KUALA LUMPUR: InvestKL remains confident in its ability to attract RM50bil in committed investments by 2030, anchored by strong investor pipeline, government policies as well as the geographical location of Greater Kuala Lumpur (Greater KL).
Chief executive officer Datuk Muhammad Azmi Zulkifli added that Malaysia’s location within Asean is an opportunity that must be leveraged on and will be among the key factors in achieving the target.
“With a clear strategy and a strong investor pipeline, we are confident in meeting this goal and creating wider economic spillovers that benefit Malaysia as a whole,” he told the media at the InvestKL Performance Update 2024 event here.
The government agency attracted RM4.08bil in foreign investments in 2024, more than half of last year’s achievement of RM8.7bil.

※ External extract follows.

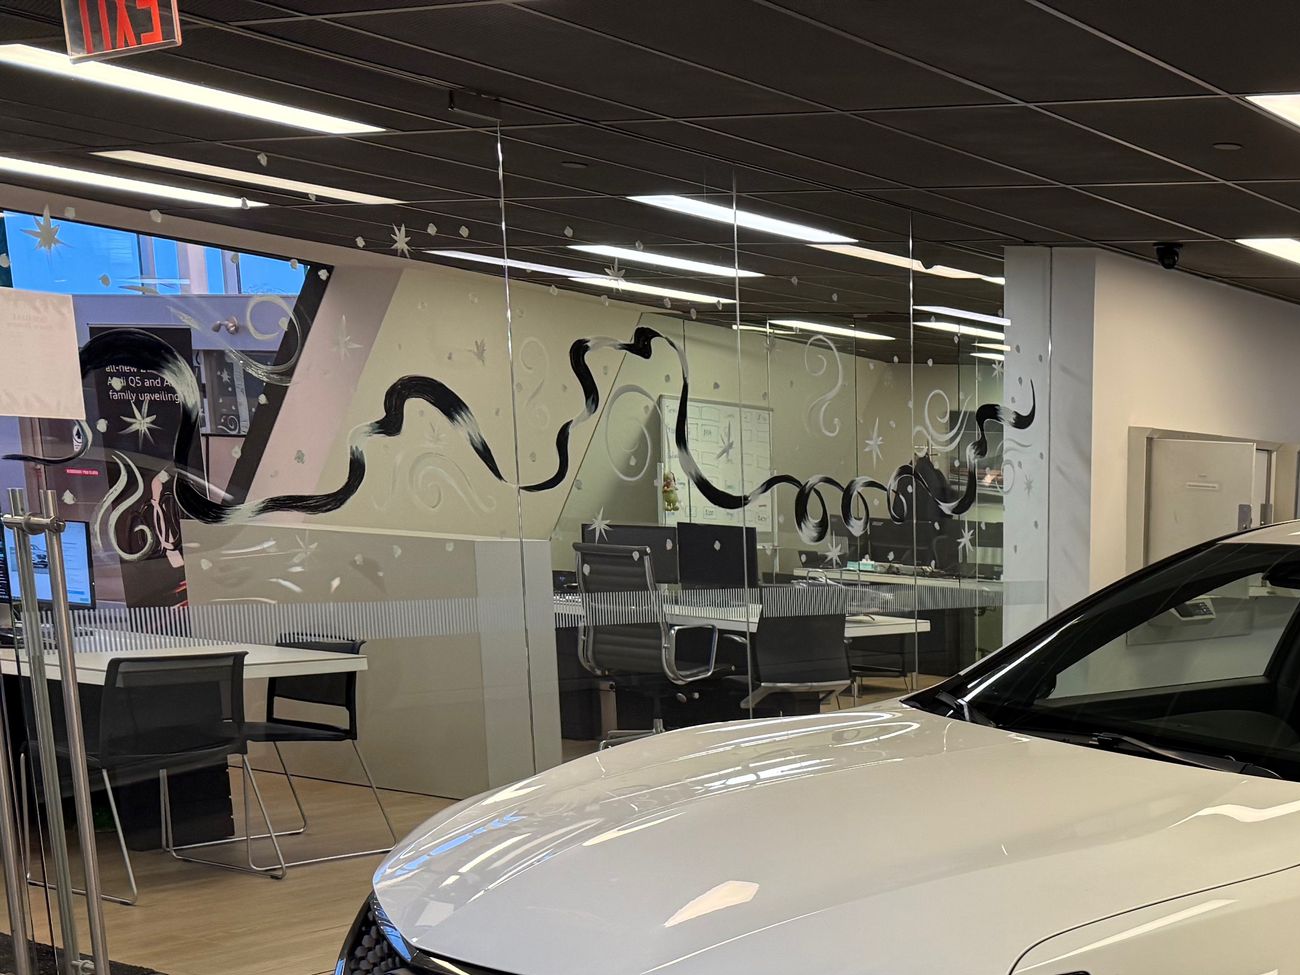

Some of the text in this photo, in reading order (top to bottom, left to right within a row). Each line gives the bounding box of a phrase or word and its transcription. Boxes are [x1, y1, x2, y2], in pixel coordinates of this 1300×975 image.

[107, 376, 126, 386] Ai
[128, 376, 141, 387] Q5
[144, 377, 161, 386] and
[109, 390, 180, 403] family unveiling

To date, InvestKL has attracted over 150 global companies and contributed to RM33.8bil in cumulative investments since its inception in 2011.
When asked about the decline, Muhammad Azmi said the record-high number recorded in 2023 was due to three significantly large investments, which involved billions of ringgit in investments by companies within the services sector.

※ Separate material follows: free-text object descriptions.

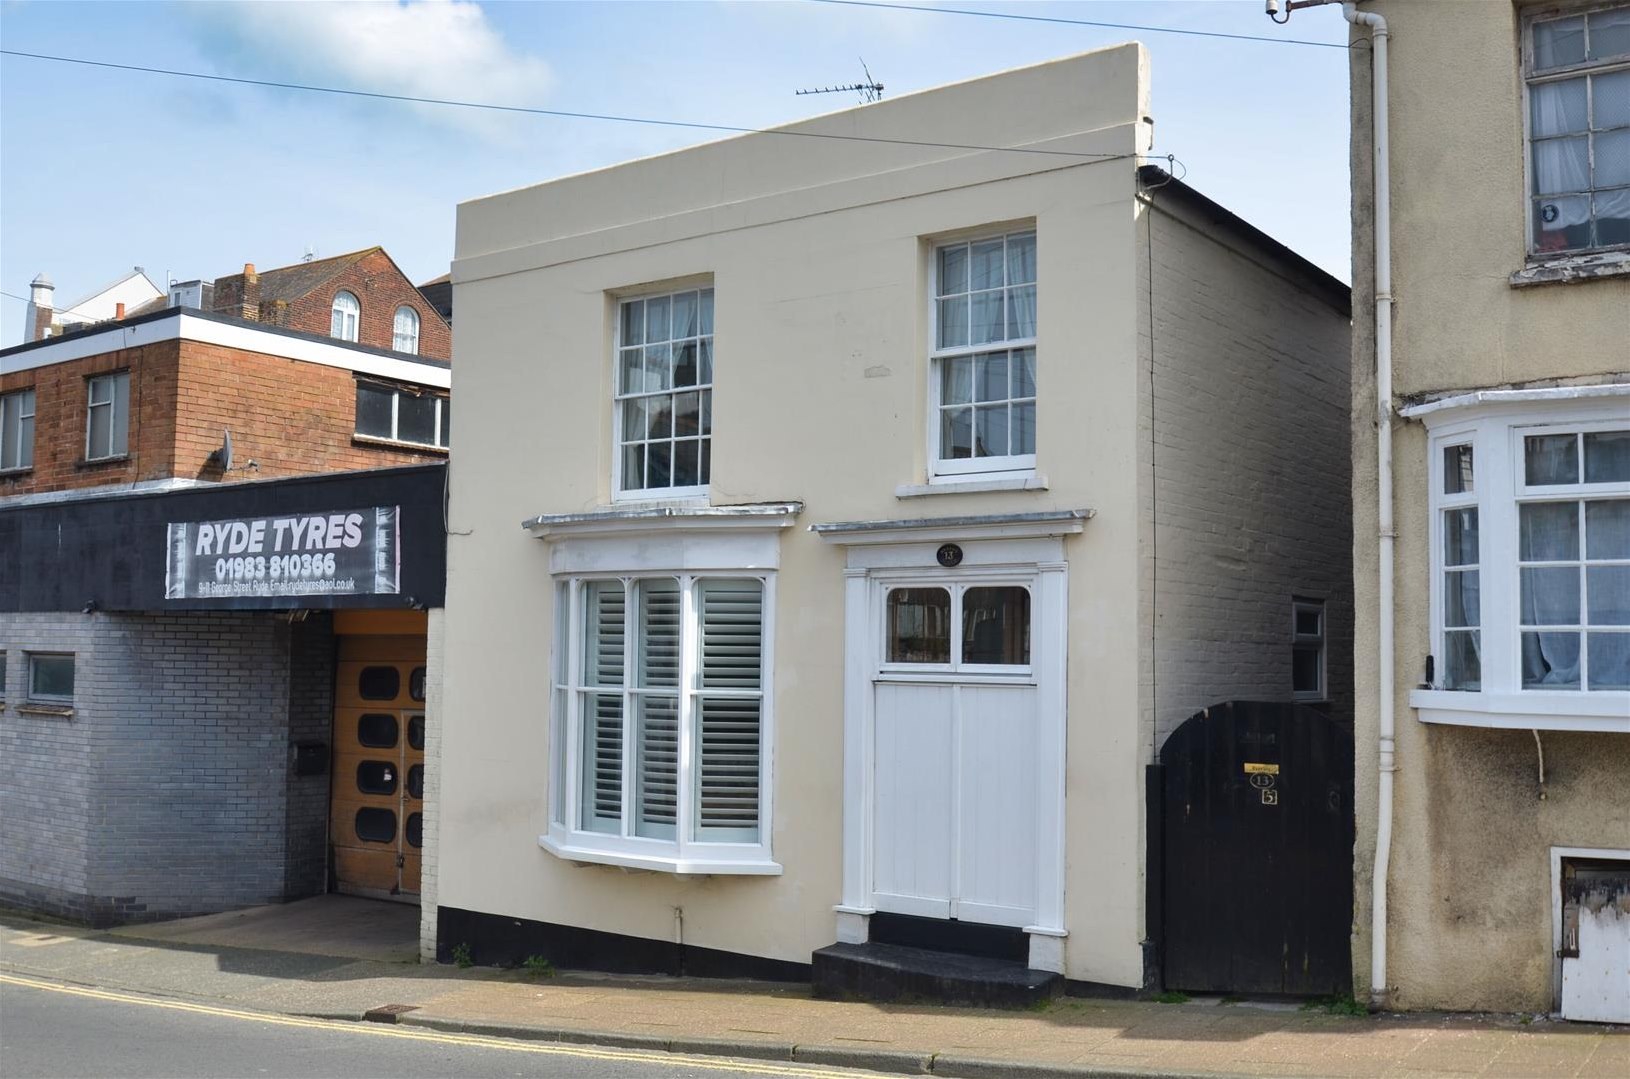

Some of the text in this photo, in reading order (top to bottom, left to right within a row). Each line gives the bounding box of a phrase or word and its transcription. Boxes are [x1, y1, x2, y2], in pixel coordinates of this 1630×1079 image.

[195, 513, 364, 556] RYDE TYRES
[215, 552, 336, 579] 01983 810366
[211, 581, 232, 595] George
[233, 580, 252, 592] Street
[253, 579, 269, 594] Ryde
[1257, 776, 1269, 786] 13

“This is very rare because the services sector does not include a large amount of capital expenditure.
“Instead, it goes to operational expenditure and this goes to salaries and services that they use.
“Looking back, the average investment size has increased from RM200mil previously to now ranging between RM250mil and RM300mil per investment.
“The trajectory does seem lower, but we look at the quality and depth of investments,” he said.
Amid the current geopolitical tensions and trade war, which involves two of the largest economies – the United States and China – he said the government is currently assessing the situation.
“At this early stage, we are looking at how we can balance and strike a proper perspective of how we can continue to promote ourselves as a neutral location.
“As seen in the headlines, Malaysia is a country that is always open for business and friendly on trading.
“As the studies are being done at a ministry level and many things are being looked at from a holistic perspective, we are looking at the ‘wait-and-see’ situation to ensure our position property,” he added.
Of the amount secured since 2011, the European, Middle East and Africa region accounted for 40% of the investors, while the United States as well as Asia and Oceania region had both contributed to 30%.
Investment, Trade and Industry Ministry deputy secretary general Datuk Bahria Mohd Tamil highlighted that the key driver for Malaysia’s economic transformation is the modern services sector, which she said continues to shape the future of high-value investments.
She added that the services sector remains a dominant force, accounting for RM252.7bil or 66.8% of total approved investments in 2024.
“As we look forward, the government, through a whole-of-government approach, will continue to strengthen Malaysia’s position as a premier investment destination, ensuring Greater KL remains a hub for innovation, digitalisation and global business expansion.”